What auditors actually ask in the first hour
We've sat through six HIPAA audits in the last 18 months — across hospital systems, digital health startups, and one MedTech vendor. The pattern is consistent. Auditors don't start with the controls. They start with the process around the controls.
- Who decided this PHI flow was necessary? Show me the decision document.
- Who has access to production data, and when was that list last reviewed?
- Show me the last access review. Show me the one before it.
- Walk me through what happens when an engineer leaves the team.
- When was the last time someone tried to access this and was denied? Show me the log.
Notice what's not on this list: encryption algorithm choices, TLS version, IAM policy syntax. Auditors assume those are correct, or they assume they can verify them later. What they're testing in the first hour is whether your organization can answer process questions consistently.
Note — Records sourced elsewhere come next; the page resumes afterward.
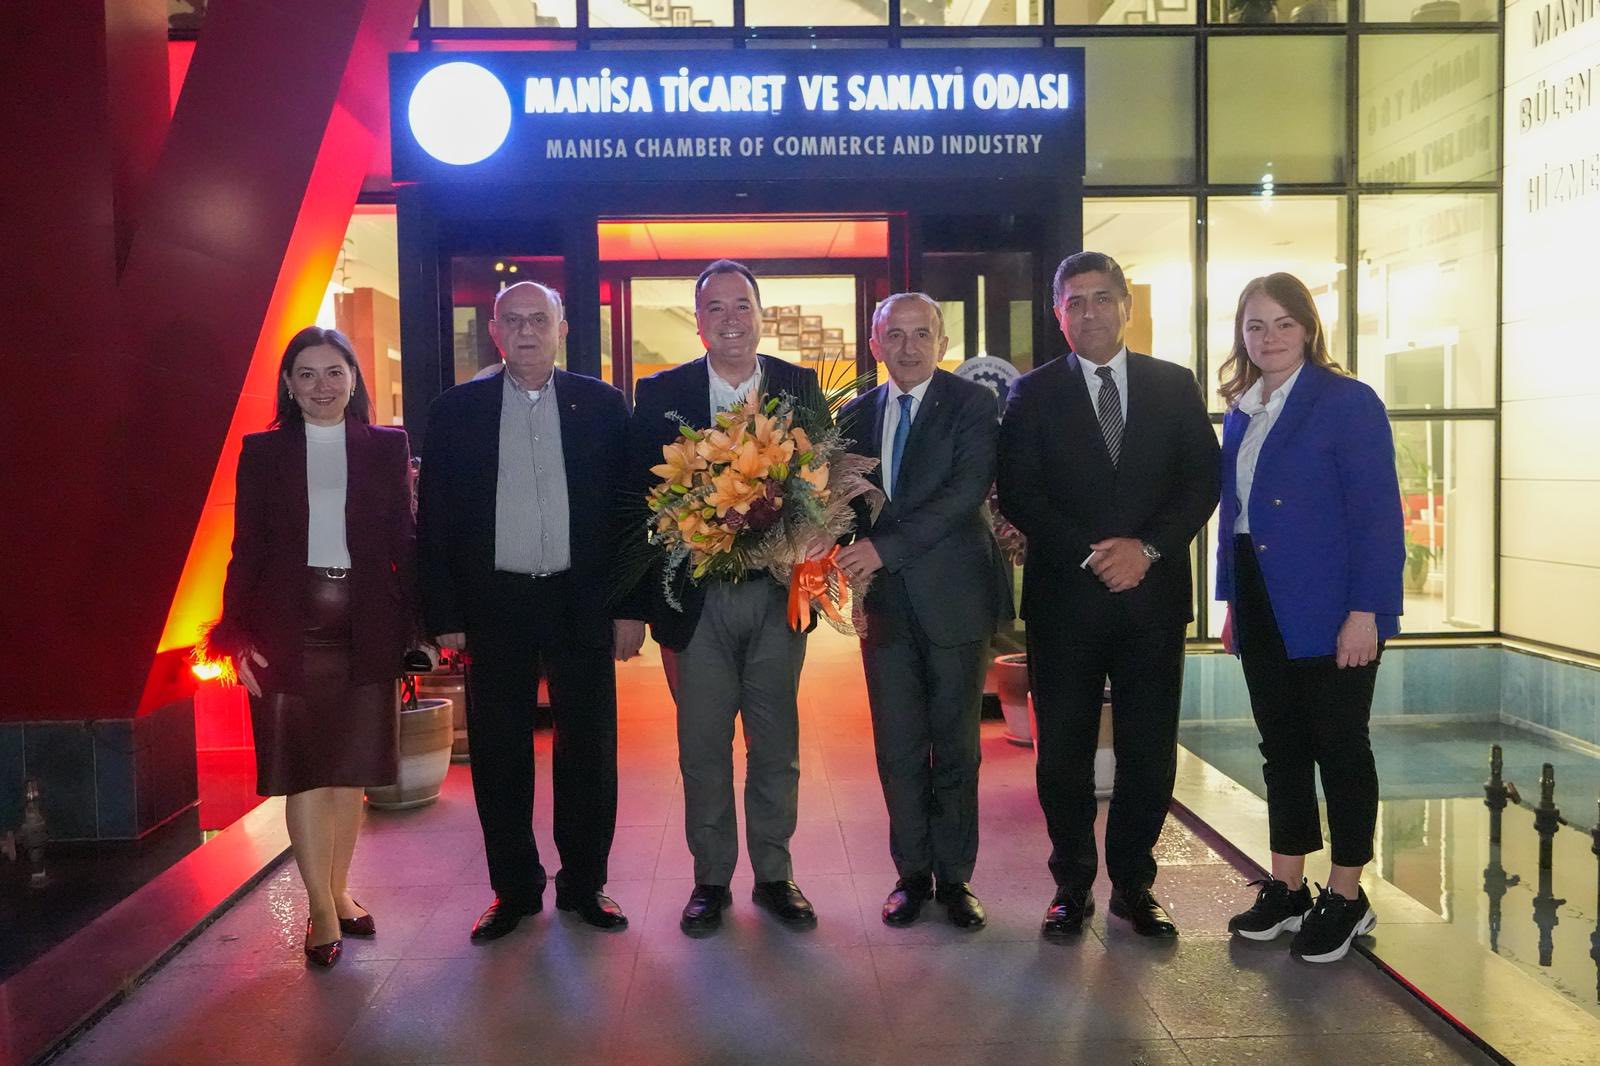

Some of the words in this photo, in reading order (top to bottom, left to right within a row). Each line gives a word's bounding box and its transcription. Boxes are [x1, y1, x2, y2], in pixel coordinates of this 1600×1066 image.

[1532, 0, 1600, 48] MAN
[524, 67, 653, 114] MANİSA
[659, 66, 787, 114] TİCARET
[798, 75, 839, 111] VE
[847, 66, 965, 111] SANAYİ
[972, 73, 1069, 110] ODASI
[1519, 63, 1600, 134] BÜLEN
[545, 138, 628, 159] MANISA
[634, 137, 732, 158] CHAMBER
[739, 136, 764, 157] OF
[773, 135, 886, 156] COMMERCE
[893, 135, 935, 155] AND
[941, 134, 1043, 155] INDUSTRY
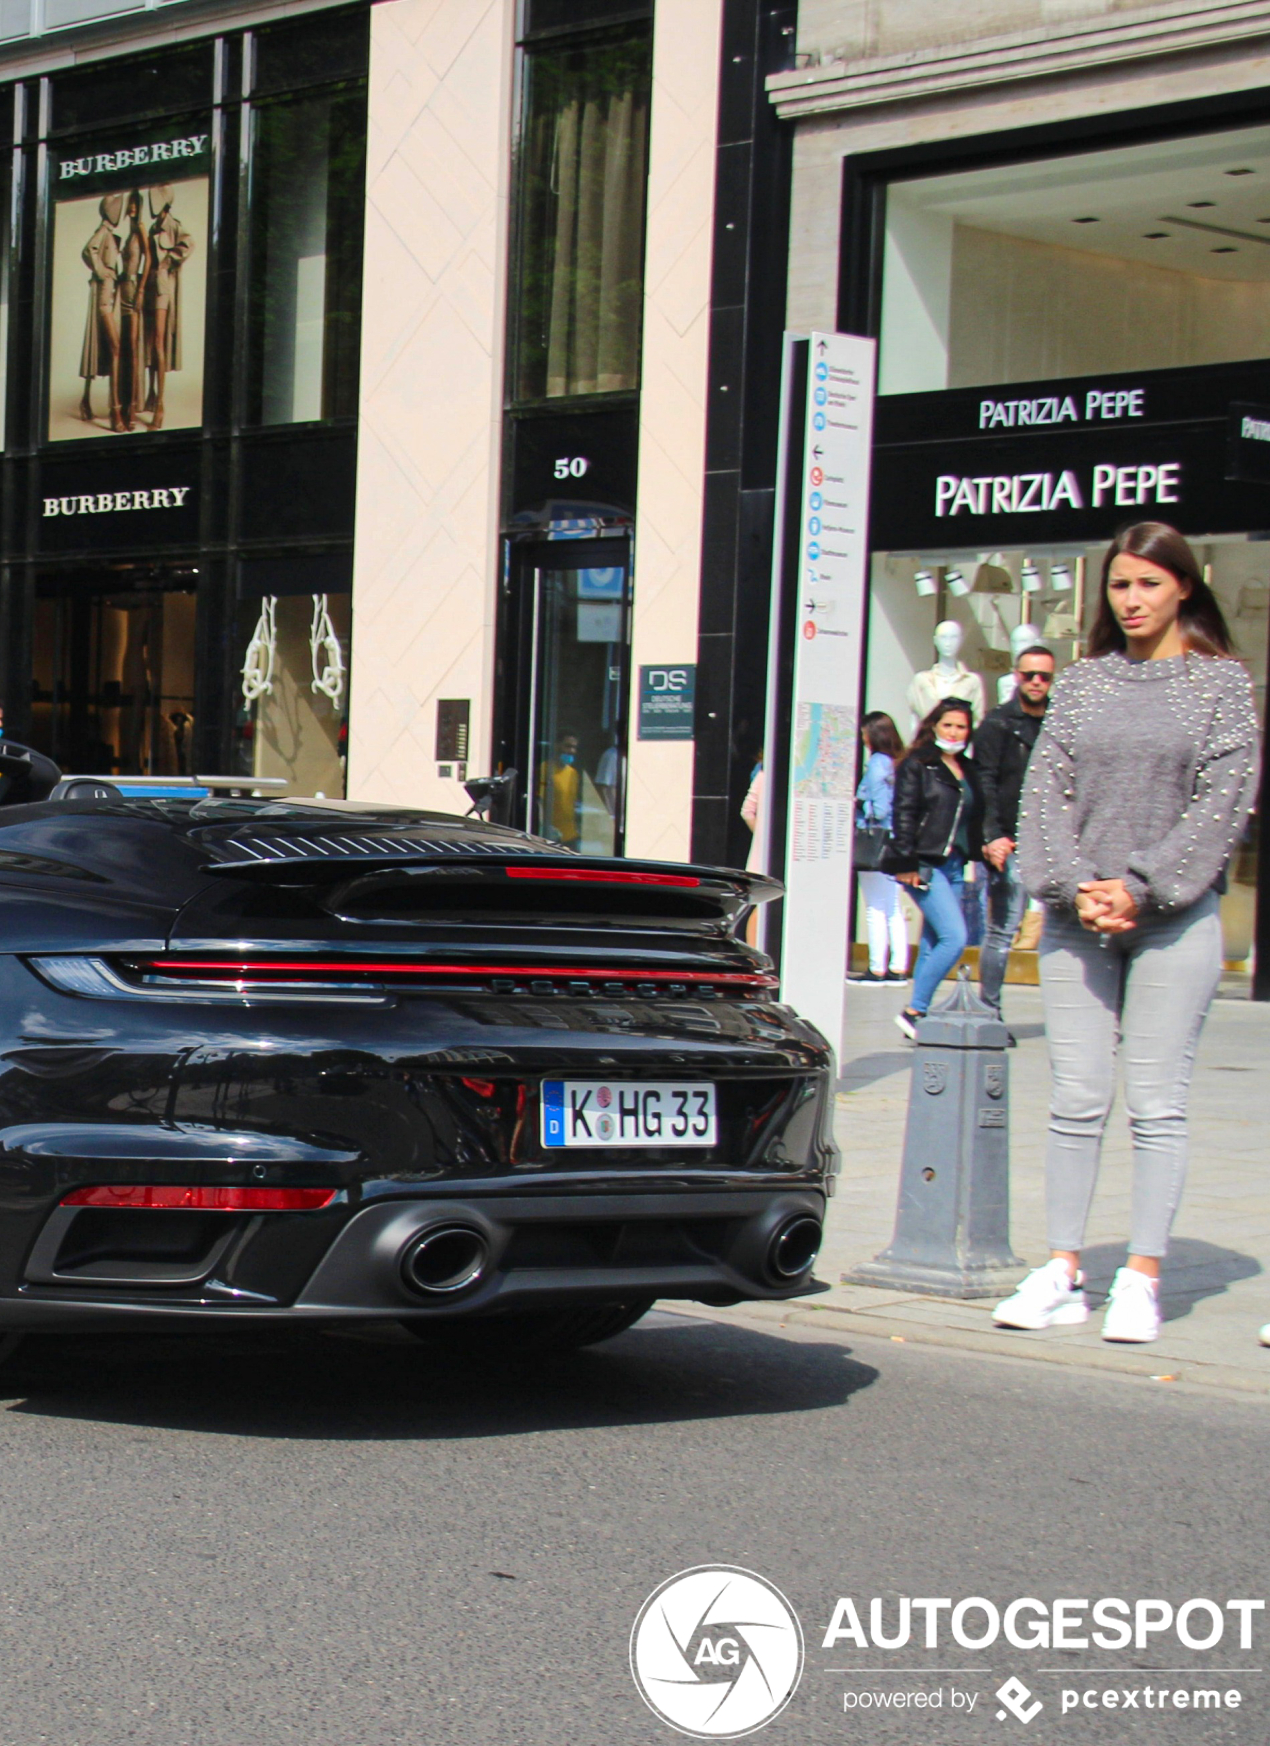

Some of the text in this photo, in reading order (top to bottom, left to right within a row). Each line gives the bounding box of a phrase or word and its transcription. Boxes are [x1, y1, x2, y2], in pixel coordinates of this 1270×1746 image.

The three things that surprise engineering teams
First: access reviews are a quarterly event for the auditor, not an annual one. If you have a quarterly access review process documented but you can only produce evidence for the last review — that's a finding. Auditors want a chain of evidence, not a snapshot.
Second: the BAA flows downward. If your team uses a tool that touches PHI — even indirectly, like a log aggregator — your BAA needs to cover that tool, and the tool's vendor needs to have signed one with you. Most teams discover this when the auditor asks to see the BAA with the SaaS vendor and the answer is "we'll get back to you." That's a finding too.
Third: incident response drills count. If your IR plan has been written but never tested, auditors treat it as if it doesn't exist. We run our IR drills twice a year, and we keep the redacted post-drill notes specifically because the auditor will ask for them.
Auditors aren't testing whether you can build secure systems. They're testing whether your organization can operate secure systems — under turnover, scope changes, and pressure.
What we recommend teams do, in order
- Pick one PHI dataflow. Write the decision document explaining why it exists. Sign it. Date it.
- Generate your access list today. Sign and date that list.
- Schedule the next access review for 90 days from now. Calendar invite.
- Inventory every SaaS tool. Mark the ones that touch PHI directly or indirectly. Get a BAA from each.
- Schedule an IR drill for next quarter. Run it even if it feels rehearsed. Keep notes.
Engineering instinct is to build the technical control first and document later. The auditor's instinct is the inverse. Both are right — but the documentation cadence is what they actually evaluate.